■ **Aim of the exercise**
All records below are to be transcribed exactly, with every picture left out.

■ **Material for this exercise**
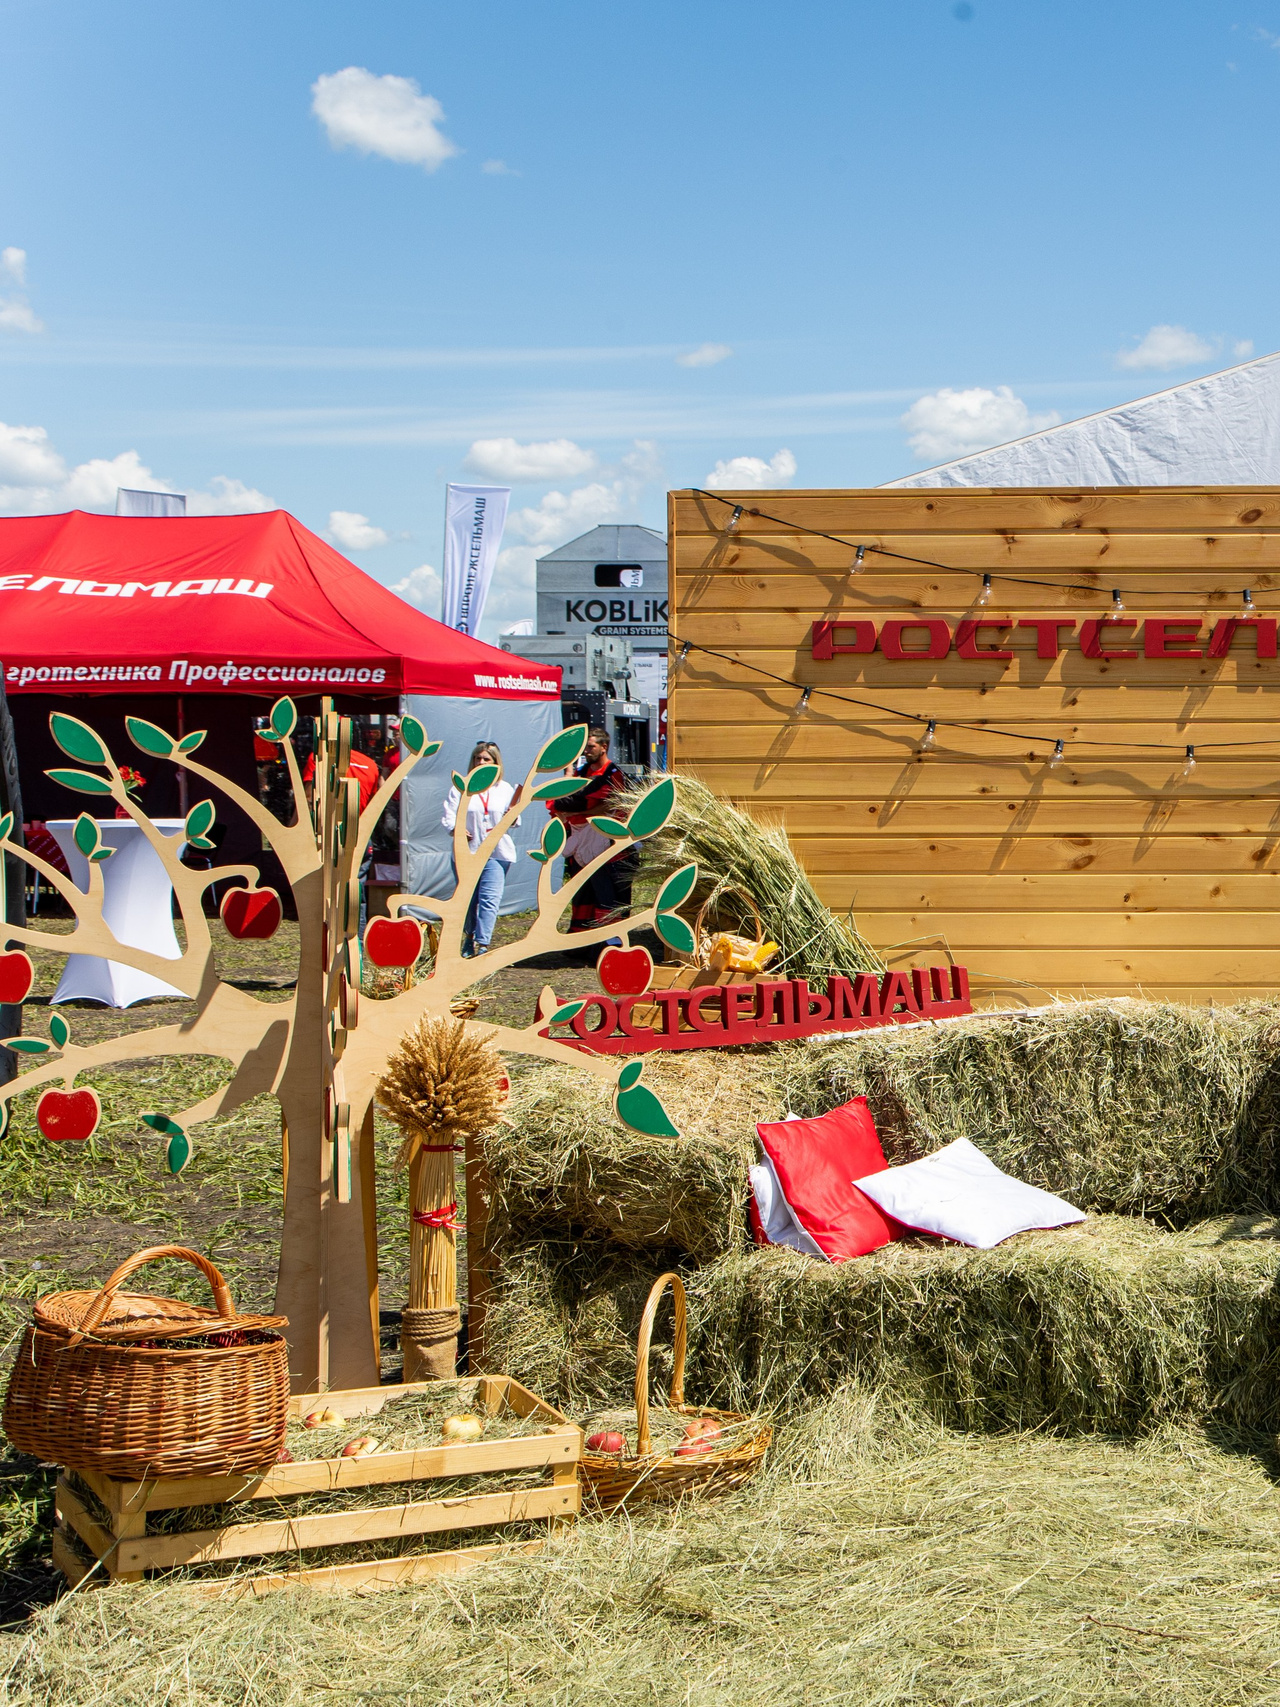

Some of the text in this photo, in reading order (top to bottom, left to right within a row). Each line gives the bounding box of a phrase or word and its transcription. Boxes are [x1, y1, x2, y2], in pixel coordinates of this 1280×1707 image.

[460, 497, 486, 619] ВОРОНЕЖСЕЛЬМАШ
[0, 574, 274, 598] ЕЛЬМАШ
[599, 626, 668, 635] GRAIN SYSTEMS
[6, 660, 387, 687] гротехника Профессионалов
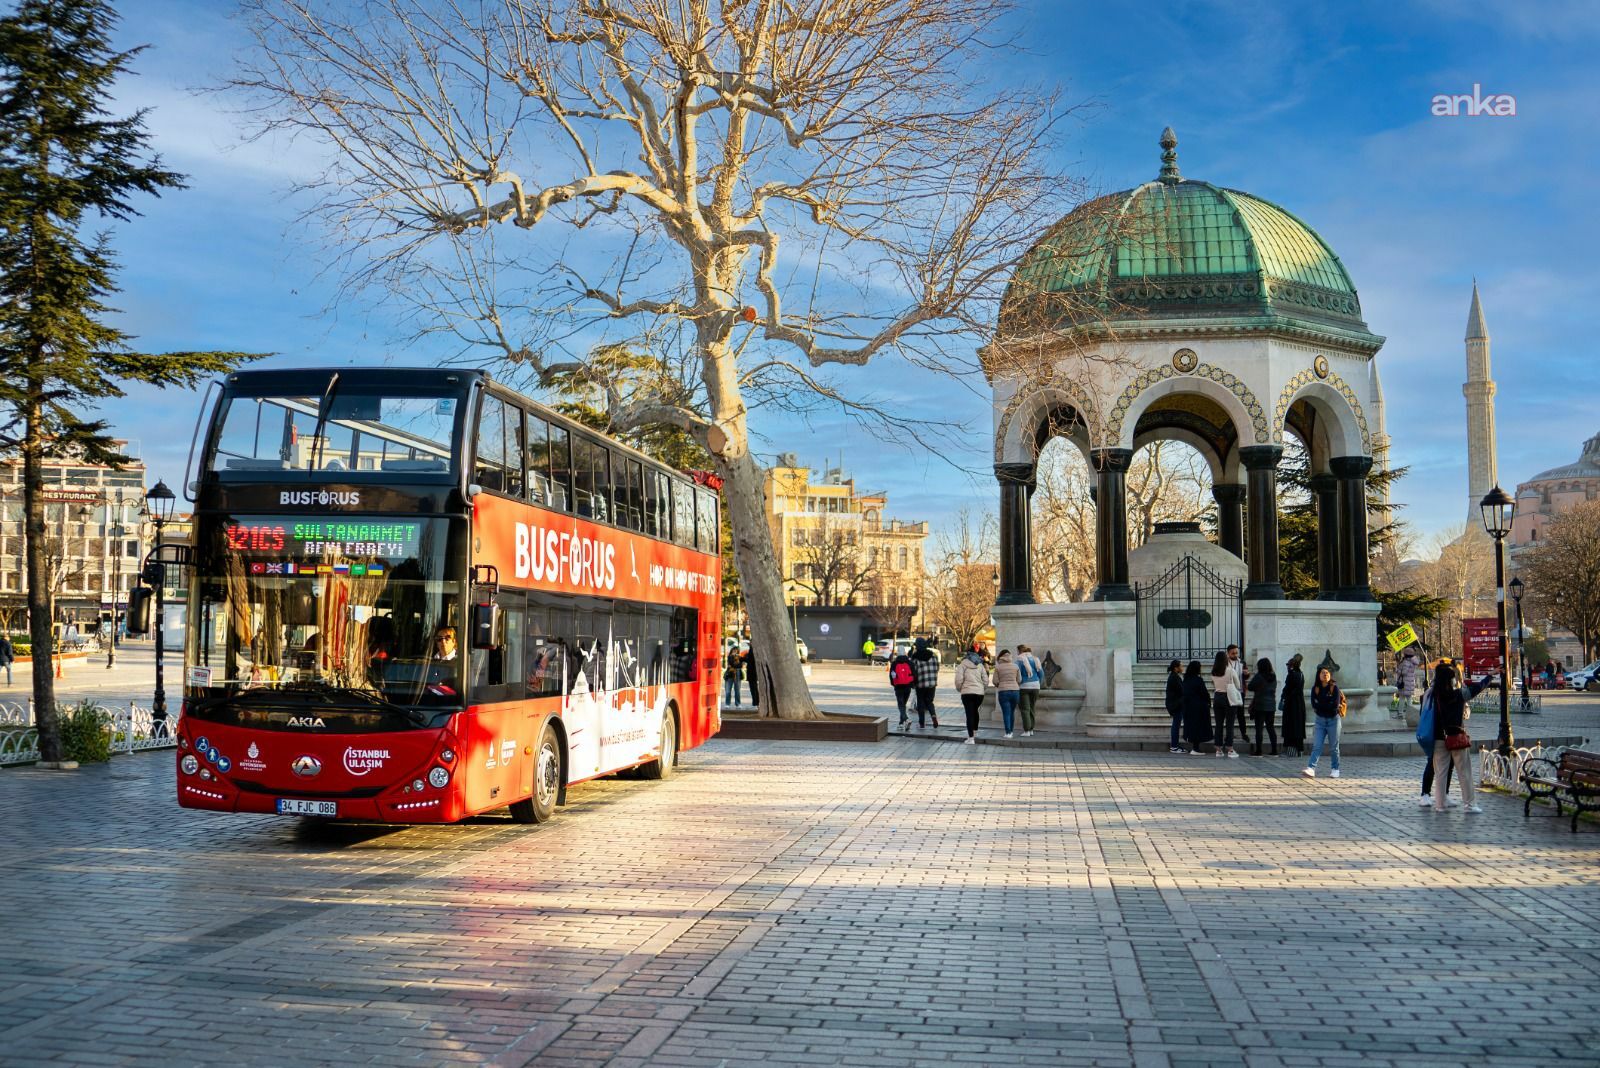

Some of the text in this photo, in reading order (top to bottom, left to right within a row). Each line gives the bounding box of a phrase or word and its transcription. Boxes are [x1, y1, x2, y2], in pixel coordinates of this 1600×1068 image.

[42, 492, 96, 500] RESTAURANT
[279, 491, 360, 505] BUSFORUS
[294, 523, 415, 541] SULTANAHMET
[515, 518, 615, 591] BUSFORUS
[649, 563, 716, 595] HOP ON HOP OFF TOURS
[287, 716, 326, 728] AKIA
[282, 800, 335, 814] 34 FJC 086

■ **Result**
Some of the text in this photo, in reading order (top to bottom, left to right within a row). Each line gives the bounding box of a phrase or word and its transcription. Boxes are [x1, y1, x2, y2], in pixel coordinates of this 1280×1707 image.

[460, 497, 486, 619] ВОРОНЕЖСЕЛЬМАШ
[0, 574, 274, 598] ЕЛЬМАШ
[599, 626, 668, 635] GRAIN SYSTEMS
[6, 660, 387, 687] гротехника Профессионалов

Some of the text in this photo, in reading order (top to bottom, left to right within a row). Each line gives the bounding box of a phrase or word and its transcription. Boxes are [x1, y1, x2, y2], in pixel coordinates of this 1600×1068 image.

[42, 492, 96, 500] RESTAURANT
[279, 491, 360, 505] BUSFORUS
[294, 523, 415, 541] SULTANAHMET
[515, 518, 615, 591] BUSFORUS
[649, 563, 716, 595] HOP ON HOP OFF TOURS
[287, 716, 326, 728] AKIA
[282, 800, 335, 814] 34 FJC 086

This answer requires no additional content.